Ado menatap mata Seren yang menunjukkan tanda tidak ikhlas. Rasanya Ado jadi tidak tega meninggalkan Seren, tapi rasa pusing di kepalanya sudah semakin hebat. Tidak dapat tertahankan karena hari ini dia sudah banyak sekali melakukan aktivitas ditambah tidak menggunakan kursi roda.

"Kita masih satu atap, kok, Ren. Tapi, kalau malam aku nggak bisa nemanin kamu karena harus istirahat. Kamu juga harus istirahat, Ren. Dengar kata mama dan teman-teman kamu, mereka semua khawatir."

"Iya, Do. Kamu juga jaga kesehatan."

Ado mengangguk lalu melangkahkan kakinya. Baru satu langkah, sebuah tangan mungil menahan tangannya. Ado menatapnya sekilas.

"Temenin sebentar lagi, Do."

Ado kembali duduk, menatap seisi ruangan yang masih berantakan. Ado mengedarkan pandangannya lalu menatap nakas. Dalam hitungan detik, Ado berjalan mengambil obat yang belum diminum Seren. Untung saja Seren memintanya untuk di sini sebentar, setidaknya Ado bisa memaksa Seren untuk minum obat agar perkembangan kanker yang di tubuh Seren tidak berkembang pesat.

"Minum obat dulu, Ren."

Seren menuruti perintah Ado. Jika menolak pun hasilnya akan sama, ia tidak dapat membantah ucapan Ado.

"Nah, bagus udah minum obat. Biar cepat sembuh, Ren.
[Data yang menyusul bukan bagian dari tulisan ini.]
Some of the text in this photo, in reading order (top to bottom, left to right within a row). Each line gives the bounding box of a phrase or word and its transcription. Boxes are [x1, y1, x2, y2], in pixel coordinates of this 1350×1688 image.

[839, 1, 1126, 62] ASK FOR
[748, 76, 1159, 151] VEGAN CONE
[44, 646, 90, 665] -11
Biar bisa sekolah lagi."

"Kamu juga, Do. Udah minum obat belum?"

Ado mengangguk. Ado kembali duduk di tempat sebelumnya. Ado akan menunggu Seren sampai gadis itu tertidur.
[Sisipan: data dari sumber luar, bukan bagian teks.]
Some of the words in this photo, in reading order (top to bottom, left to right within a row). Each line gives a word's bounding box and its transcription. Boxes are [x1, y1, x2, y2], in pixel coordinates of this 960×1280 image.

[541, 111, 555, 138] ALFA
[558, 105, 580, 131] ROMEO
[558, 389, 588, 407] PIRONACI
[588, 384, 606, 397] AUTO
"Kamu dirawat di ruangan nomor berapa, Do?" tanya Seren antusias. Ia juga ingin mengunjungi Ado, timbal balik.

Ia menatap Ado yang masih diam. Apakah pertanyaannya ada yang salah? Laki-laki itu memegang tenggorokannya. Seren sama sekali tidak mengerti apa yang dimaksud Ado. Dengan cepat, Ado mengambil buku dan pulpen di dalam laci. Tangannya mulai menulis di lembaran pertama.

Kadang aku susah bicara, Ren. Suka hilang suaranya mungkin karena efek tumor yang udah makin parah.

Setelah menuliskannya, Ado memberikan buku itu kepada Seren. Ia menerimanya dengan cepat karena penasaran.

"Tumor otak stadium berapa, Do? Jangan buat aku khawatir."

-💃-

Gimana? Baik banget aku karena mau ngasih tau penyakit Ado hihi.